Retype all the records with nothing changed.
(MATERIAL FOR THE TASK)
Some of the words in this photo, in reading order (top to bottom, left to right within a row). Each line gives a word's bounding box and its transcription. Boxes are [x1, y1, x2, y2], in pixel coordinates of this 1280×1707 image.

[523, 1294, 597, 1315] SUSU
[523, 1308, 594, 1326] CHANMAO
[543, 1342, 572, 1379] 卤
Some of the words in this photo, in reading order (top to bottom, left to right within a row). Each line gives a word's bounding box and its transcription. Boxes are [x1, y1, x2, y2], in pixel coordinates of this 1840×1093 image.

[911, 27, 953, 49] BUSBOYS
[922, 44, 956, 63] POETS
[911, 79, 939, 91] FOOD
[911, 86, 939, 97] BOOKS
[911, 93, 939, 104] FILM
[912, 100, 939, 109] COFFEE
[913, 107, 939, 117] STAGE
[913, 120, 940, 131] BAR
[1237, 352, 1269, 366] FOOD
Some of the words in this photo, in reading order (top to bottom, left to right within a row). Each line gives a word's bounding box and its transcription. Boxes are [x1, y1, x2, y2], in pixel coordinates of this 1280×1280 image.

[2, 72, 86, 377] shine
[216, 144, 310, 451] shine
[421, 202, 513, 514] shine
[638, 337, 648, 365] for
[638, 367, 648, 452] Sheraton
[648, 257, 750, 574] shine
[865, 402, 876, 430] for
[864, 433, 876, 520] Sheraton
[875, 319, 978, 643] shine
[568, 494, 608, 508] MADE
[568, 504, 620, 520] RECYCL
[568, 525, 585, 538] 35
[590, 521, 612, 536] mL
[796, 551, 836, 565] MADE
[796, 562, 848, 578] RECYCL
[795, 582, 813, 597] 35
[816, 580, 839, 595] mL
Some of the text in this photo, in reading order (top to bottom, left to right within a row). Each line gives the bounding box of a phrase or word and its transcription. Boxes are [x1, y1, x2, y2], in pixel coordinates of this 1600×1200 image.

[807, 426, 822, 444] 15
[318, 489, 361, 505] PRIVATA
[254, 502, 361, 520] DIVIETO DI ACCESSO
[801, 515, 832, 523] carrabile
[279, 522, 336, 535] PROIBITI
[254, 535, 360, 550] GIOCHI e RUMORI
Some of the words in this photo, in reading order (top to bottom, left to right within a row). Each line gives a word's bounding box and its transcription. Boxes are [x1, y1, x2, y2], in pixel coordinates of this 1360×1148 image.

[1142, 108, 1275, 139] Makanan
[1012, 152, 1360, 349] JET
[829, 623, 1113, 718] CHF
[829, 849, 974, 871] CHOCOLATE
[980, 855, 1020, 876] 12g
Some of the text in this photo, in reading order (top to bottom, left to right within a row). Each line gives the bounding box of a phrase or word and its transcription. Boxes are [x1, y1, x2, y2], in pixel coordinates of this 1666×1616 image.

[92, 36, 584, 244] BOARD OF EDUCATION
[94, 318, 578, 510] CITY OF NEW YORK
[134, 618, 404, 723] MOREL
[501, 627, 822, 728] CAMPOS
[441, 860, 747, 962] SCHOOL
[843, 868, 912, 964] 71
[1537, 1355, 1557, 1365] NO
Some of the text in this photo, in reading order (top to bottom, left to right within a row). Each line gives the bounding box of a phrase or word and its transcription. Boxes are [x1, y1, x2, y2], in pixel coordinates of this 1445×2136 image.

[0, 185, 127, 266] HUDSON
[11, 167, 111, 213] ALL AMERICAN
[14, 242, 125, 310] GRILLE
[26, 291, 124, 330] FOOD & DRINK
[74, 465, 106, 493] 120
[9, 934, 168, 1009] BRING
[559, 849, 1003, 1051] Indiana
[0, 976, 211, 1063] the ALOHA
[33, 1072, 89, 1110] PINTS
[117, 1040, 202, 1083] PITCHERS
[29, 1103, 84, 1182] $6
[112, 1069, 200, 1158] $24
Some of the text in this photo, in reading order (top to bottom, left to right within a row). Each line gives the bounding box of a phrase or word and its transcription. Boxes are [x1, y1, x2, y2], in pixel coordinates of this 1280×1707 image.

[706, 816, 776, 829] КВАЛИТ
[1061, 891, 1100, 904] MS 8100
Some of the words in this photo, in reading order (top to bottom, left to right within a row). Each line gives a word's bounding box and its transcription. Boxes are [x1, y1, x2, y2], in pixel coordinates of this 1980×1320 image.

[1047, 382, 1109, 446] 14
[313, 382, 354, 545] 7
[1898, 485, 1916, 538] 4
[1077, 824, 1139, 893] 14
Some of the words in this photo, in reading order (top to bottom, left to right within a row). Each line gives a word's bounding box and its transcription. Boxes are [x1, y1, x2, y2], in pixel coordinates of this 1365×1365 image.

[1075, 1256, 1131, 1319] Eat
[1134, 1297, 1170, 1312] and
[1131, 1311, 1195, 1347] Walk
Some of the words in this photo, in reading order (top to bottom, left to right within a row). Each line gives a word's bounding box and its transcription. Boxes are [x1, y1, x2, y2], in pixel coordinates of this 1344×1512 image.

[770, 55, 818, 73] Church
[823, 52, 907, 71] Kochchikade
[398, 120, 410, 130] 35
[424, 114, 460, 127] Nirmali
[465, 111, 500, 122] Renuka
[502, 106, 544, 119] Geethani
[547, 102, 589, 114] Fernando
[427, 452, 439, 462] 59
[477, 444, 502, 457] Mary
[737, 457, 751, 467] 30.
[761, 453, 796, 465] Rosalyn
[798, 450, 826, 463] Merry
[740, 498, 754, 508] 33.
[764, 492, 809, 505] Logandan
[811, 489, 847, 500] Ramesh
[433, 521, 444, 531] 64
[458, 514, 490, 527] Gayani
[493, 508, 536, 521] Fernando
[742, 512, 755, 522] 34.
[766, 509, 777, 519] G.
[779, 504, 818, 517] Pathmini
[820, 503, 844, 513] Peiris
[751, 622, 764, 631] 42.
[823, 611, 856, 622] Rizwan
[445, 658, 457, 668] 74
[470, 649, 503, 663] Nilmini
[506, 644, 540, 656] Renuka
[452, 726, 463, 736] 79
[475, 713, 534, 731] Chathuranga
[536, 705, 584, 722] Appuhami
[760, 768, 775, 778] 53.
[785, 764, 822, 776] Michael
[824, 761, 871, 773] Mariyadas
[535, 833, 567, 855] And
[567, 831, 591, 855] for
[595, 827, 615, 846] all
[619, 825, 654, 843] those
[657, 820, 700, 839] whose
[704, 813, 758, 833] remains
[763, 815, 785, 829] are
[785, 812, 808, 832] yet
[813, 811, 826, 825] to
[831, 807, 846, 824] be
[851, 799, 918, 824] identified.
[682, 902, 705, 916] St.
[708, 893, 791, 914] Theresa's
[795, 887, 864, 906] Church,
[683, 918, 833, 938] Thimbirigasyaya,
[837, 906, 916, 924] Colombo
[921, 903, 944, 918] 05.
(End MATERIAL FOR THE TASK)
#### RESULT OF THE EXERCISE:
Some of the words in this photo, in reading order (top to bottom, left to right within a row). Each line gives a word's bounding box and its transcription. Boxes are [x1, y1, x2, y2], in pixel coordinates of this 1280×1707 image.

[523, 1294, 597, 1315] SUSU
[523, 1308, 594, 1326] CHANMAO
[543, 1342, 572, 1379] 卤
Some of the words in this photo, in reading order (top to bottom, left to right within a row). Each line gives a word's bounding box and its transcription. Boxes are [x1, y1, x2, y2], in pixel coordinates of this 1840×1093 image.

[911, 27, 953, 49] BUSBOYS
[922, 44, 956, 63] POETS
[911, 79, 939, 91] FOOD
[911, 86, 939, 97] BOOKS
[911, 93, 939, 104] FILM
[912, 100, 939, 109] COFFEE
[913, 107, 939, 117] STAGE
[913, 120, 940, 131] BAR
[1237, 352, 1269, 366] FOOD
Some of the words in this photo, in reading order (top to bottom, left to right within a row). Each line gives a word's bounding box and its transcription. Boxes are [x1, y1, x2, y2], in pixel coordinates of this 1280×1280 image.

[2, 72, 86, 377] shine
[216, 144, 310, 451] shine
[421, 202, 513, 514] shine
[638, 337, 648, 365] for
[638, 367, 648, 452] Sheraton
[648, 257, 750, 574] shine
[865, 402, 876, 430] for
[864, 433, 876, 520] Sheraton
[875, 319, 978, 643] shine
[568, 494, 608, 508] MADE
[568, 504, 620, 520] RECYCL
[568, 525, 585, 538] 35
[590, 521, 612, 536] mL
[796, 551, 836, 565] MADE
[796, 562, 848, 578] RECYCL
[795, 582, 813, 597] 35
[816, 580, 839, 595] mL
Some of the text in this photo, in reading order (top to bottom, left to right within a row). Each line gives the bounding box of a phrase or word and its transcription. Boxes are [x1, y1, x2, y2], in pixel coordinates of this 1600×1200 image.

[807, 426, 822, 444] 15
[318, 489, 361, 505] PRIVATA
[254, 502, 361, 520] DIVIETO DI ACCESSO
[801, 515, 832, 523] carrabile
[279, 522, 336, 535] PROIBITI
[254, 535, 360, 550] GIOCHI e RUMORI
Some of the words in this photo, in reading order (top to bottom, left to right within a row). Each line gives a word's bounding box and its transcription. Boxes are [x1, y1, x2, y2], in pixel coordinates of this 1360×1148 image.

[1142, 108, 1275, 139] Makanan
[1012, 152, 1360, 349] JET
[829, 623, 1113, 718] CHF
[829, 849, 974, 871] CHOCOLATE
[980, 855, 1020, 876] 12g
Some of the text in this photo, in reading order (top to bottom, left to right within a row). Each line gives the bounding box of a phrase or word and its transcription. Boxes are [x1, y1, x2, y2], in pixel coordinates of this 1666×1616 image.

[92, 36, 584, 244] BOARD OF EDUCATION
[94, 318, 578, 510] CITY OF NEW YORK
[134, 618, 404, 723] MOREL
[501, 627, 822, 728] CAMPOS
[441, 860, 747, 962] SCHOOL
[843, 868, 912, 964] 71
[1537, 1355, 1557, 1365] NO
Some of the text in this photo, in reading order (top to bottom, left to right within a row). Each line gives the bounding box of a phrase or word and its transcription. Boxes are [x1, y1, x2, y2], in pixel coordinates of this 1445×2136 image.

[0, 185, 127, 266] HUDSON
[11, 167, 111, 213] ALL AMERICAN
[14, 242, 125, 310] GRILLE
[26, 291, 124, 330] FOOD & DRINK
[74, 465, 106, 493] 120
[9, 934, 168, 1009] BRING
[559, 849, 1003, 1051] Indiana
[0, 976, 211, 1063] the ALOHA
[33, 1072, 89, 1110] PINTS
[117, 1040, 202, 1083] PITCHERS
[29, 1103, 84, 1182] $6
[112, 1069, 200, 1158] $24
Some of the text in this photo, in reading order (top to bottom, left to right within a row). Each line gives the bounding box of a phrase or word and its transcription. Boxes are [x1, y1, x2, y2], in pixel coordinates of this 1280×1707 image.

[706, 816, 776, 829] КВАЛИТ
[1061, 891, 1100, 904] MS 8100
Some of the words in this photo, in reading order (top to bottom, left to right within a row). Each line gives a word's bounding box and its transcription. Boxes are [x1, y1, x2, y2], in pixel coordinates of this 1980×1320 image.

[1047, 382, 1109, 446] 14
[313, 382, 354, 545] 7
[1898, 485, 1916, 538] 4
[1077, 824, 1139, 893] 14
Some of the words in this photo, in reading order (top to bottom, left to right within a row). Each line gives a word's bounding box and its transcription. Boxes are [x1, y1, x2, y2], in pixel coordinates of this 1365×1365 image.

[1075, 1256, 1131, 1319] Eat
[1134, 1297, 1170, 1312] and
[1131, 1311, 1195, 1347] Walk
Some of the words in this photo, in reading order (top to bottom, left to right within a row). Each line gives a word's bounding box and its transcription. Boxes are [x1, y1, x2, y2], in pixel coordinates of this 1344×1512 image.

[770, 55, 818, 73] Church
[823, 52, 907, 71] Kochchikade
[398, 120, 410, 130] 35
[424, 114, 460, 127] Nirmali
[465, 111, 500, 122] Renuka
[502, 106, 544, 119] Geethani
[547, 102, 589, 114] Fernando
[427, 452, 439, 462] 59
[477, 444, 502, 457] Mary
[737, 457, 751, 467] 30.
[761, 453, 796, 465] Rosalyn
[798, 450, 826, 463] Merry
[740, 498, 754, 508] 33.
[764, 492, 809, 505] Logandan
[811, 489, 847, 500] Ramesh
[433, 521, 444, 531] 64
[458, 514, 490, 527] Gayani
[493, 508, 536, 521] Fernando
[742, 512, 755, 522] 34.
[766, 509, 777, 519] G.
[779, 504, 818, 517] Pathmini
[820, 503, 844, 513] Peiris
[751, 622, 764, 631] 42.
[823, 611, 856, 622] Rizwan
[445, 658, 457, 668] 74
[470, 649, 503, 663] Nilmini
[506, 644, 540, 656] Renuka
[452, 726, 463, 736] 79
[475, 713, 534, 731] Chathuranga
[536, 705, 584, 722] Appuhami
[760, 768, 775, 778] 53.
[785, 764, 822, 776] Michael
[824, 761, 871, 773] Mariyadas
[535, 833, 567, 855] And
[567, 831, 591, 855] for
[595, 827, 615, 846] all
[619, 825, 654, 843] those
[657, 820, 700, 839] whose
[704, 813, 758, 833] remains
[763, 815, 785, 829] are
[785, 812, 808, 832] yet
[813, 811, 826, 825] to
[831, 807, 846, 824] be
[851, 799, 918, 824] identified.
[682, 902, 705, 916] St.
[708, 893, 791, 914] Theresa's
[795, 887, 864, 906] Church,
[683, 918, 833, 938] Thimbirigasyaya,
[837, 906, 916, 924] Colombo
[921, 903, 944, 918] 05.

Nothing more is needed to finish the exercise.